Ben diverso, però, sarebbe se Berlusconi perdesse la fiducia a seguito di una rivolta interna al PdL: una sorta di notte dei coltelli in cui i maggiorenti dovessero accordarsi per far fuori il vecchio, ormai gravato da troppi misteri e sospetti. In tal caso, pur se formalmente il PdR avrebbe la piena facoltà di nominare Fini o financo Giovanardi quali Presidenti incaricati, ciononostante se ne guarderebbe, io credo, assai bene: perché sarebbe andare in direzione palesemente contraria a quella voluta dal corpo elettorale.
Badate bene a questo: il popolo si esprime attraverso le elezioni e massimamente attraverso le elezioni politiche, che avvengono una volta ogni cinque anni; non vi sono altre possibilità in mezzo alla legislatura per esprimere la sovranità popolare.
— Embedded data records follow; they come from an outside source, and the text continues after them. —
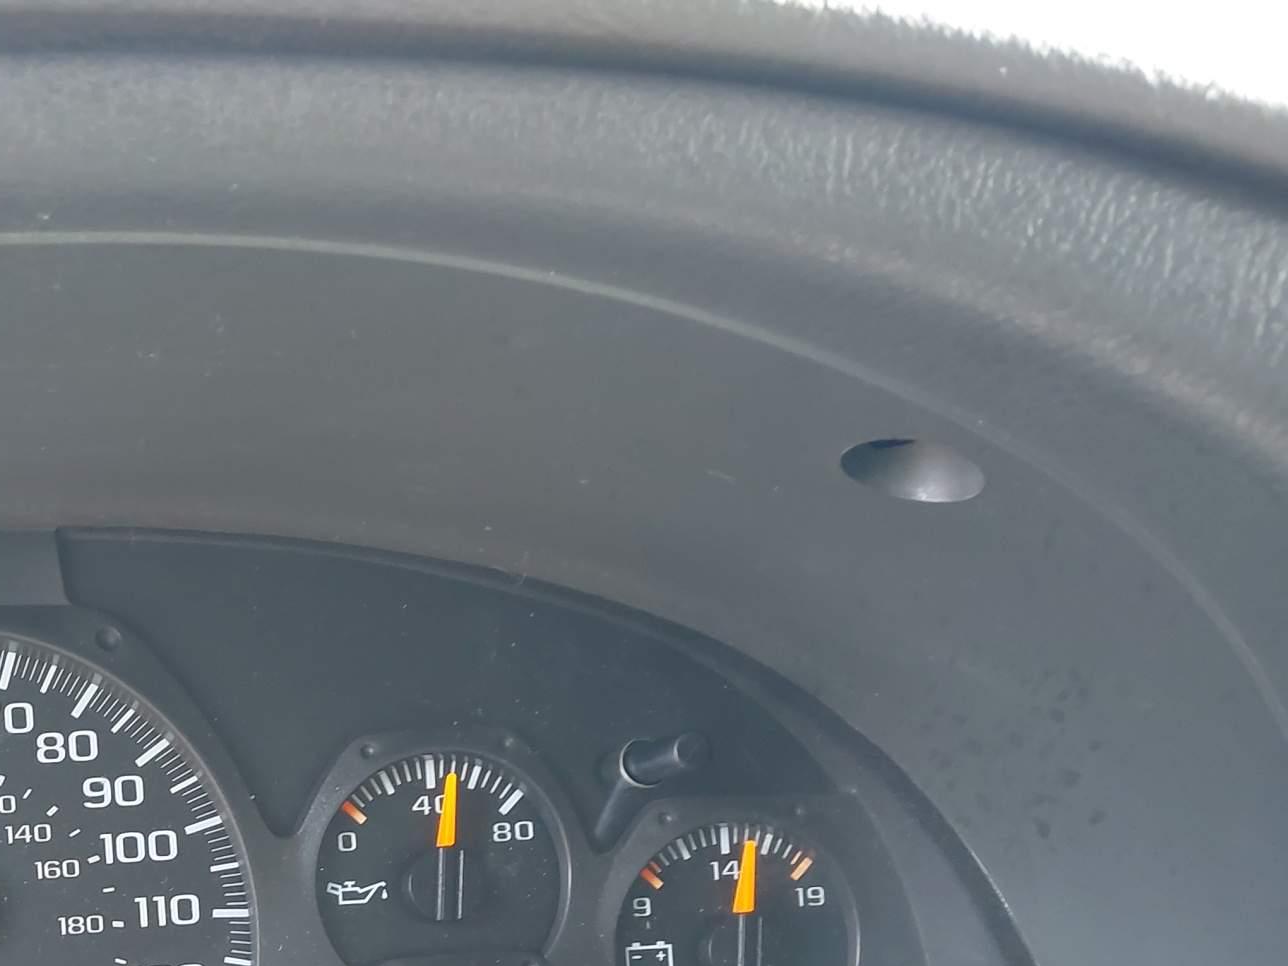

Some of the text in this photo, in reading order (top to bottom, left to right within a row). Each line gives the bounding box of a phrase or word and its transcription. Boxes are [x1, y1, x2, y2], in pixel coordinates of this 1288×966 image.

[37, 731, 98, 763] 80
[83, 776, 143, 808] 90
[5, 824, 51, 844] 140
[494, 821, 533, 841] 80
[99, 831, 178, 864] 100
[339, 832, 356, 851] 0
[35, 860, 79, 879] 160
[711, 861, 739, 880] 14
[795, 887, 824, 906] 19
[135, 895, 199, 927] 110
[634, 898, 651, 916] 9
[58, 916, 103, 935] 180
Con il sistema proporzionale, quando c'erano i partiti in Parlamento, la nostra era una democrazia rappresentativa in cui si poteva affermare che ciascun cittadino conferisse ad un determinato partito un mandato in bianco per rappresentarlo; e che quindi il partito avesse la possibilità di fare e disfare alleanze, con l'onere di muoversi nell'alveo di un programma di massima esposto in campagna elettorale e che, si noti, non prevedeva esplicitamente il formarsi o lo sciogliersi di alleanze.
Oggi, con questa sciagurata legge elettorale voluta e impiastricciata da tutti, è innegabile che il corpo elettorale decida una coalizione; e da qui a dire che decide il nome del Presidente del Consiglio il passo è molto, ma molto breve. Ripeto: fossi in Napolitano non mi farei alcuno scrupolo a sostituire Berlusconi qualora egli dovesse dimettersi per motivi obiettivi, di salute; ma non so proprio cosa farei nell'altro caso prima delineato, perché andrei contro la volontà del popolo, che è sovrano.
Se fosse il Parlamento ad eleggere il Presidente del Consiglio le cose sarebbero diverse, per vari motivi. Innanzitutto un'elezione è cosa ben diversa da una nomina: il Parlamento (sia inteso come organo unico che come insieme delle due Camere) è un organo collegiale, nel quale la responsabilità delle scelte ricade sull'istituzione, e in cui ciascun componente ne condivide solo una parte; poi è un organo rappresentativo, nel quale è (ormai solo astrattamente, data la schifosa legge elettorale) rappresentata la volontà popolare: è l'organo in cui si incarna la volontà del popolo e quindi -pur con tutti i dubbi già espressi- un Presidente eletto dal Parlamento forzando gli schieramenti originari avrebbe una legittimazione debole, ma comunque ben superiore a quella conferita da una nomina presidenziale. Infine (ma questo non pertiene alla formazione del Governo, bensì ai rapporti di forza istituzionali) un PdC eletto dal Parlamento dovrebbe pur sempre mantenere un rapporto di rispetto verso il proprio autore, che invece Berlusconi dimostra in ogni occasione di non avere minimamente, in quanto fa quotidianamente strame della funzione legislativa, ormai ridotta a mera facciata: non a caso l'opinione pubblica (ahimé, soprattutto a sinistra) ritiene che il lavoro del parlamentare consista nel sedere su un banco e schiacciare a comando un bottone; e si chiede perché mai quindi un parlamentare dovvrebbe essere pagato più di un ascensorista.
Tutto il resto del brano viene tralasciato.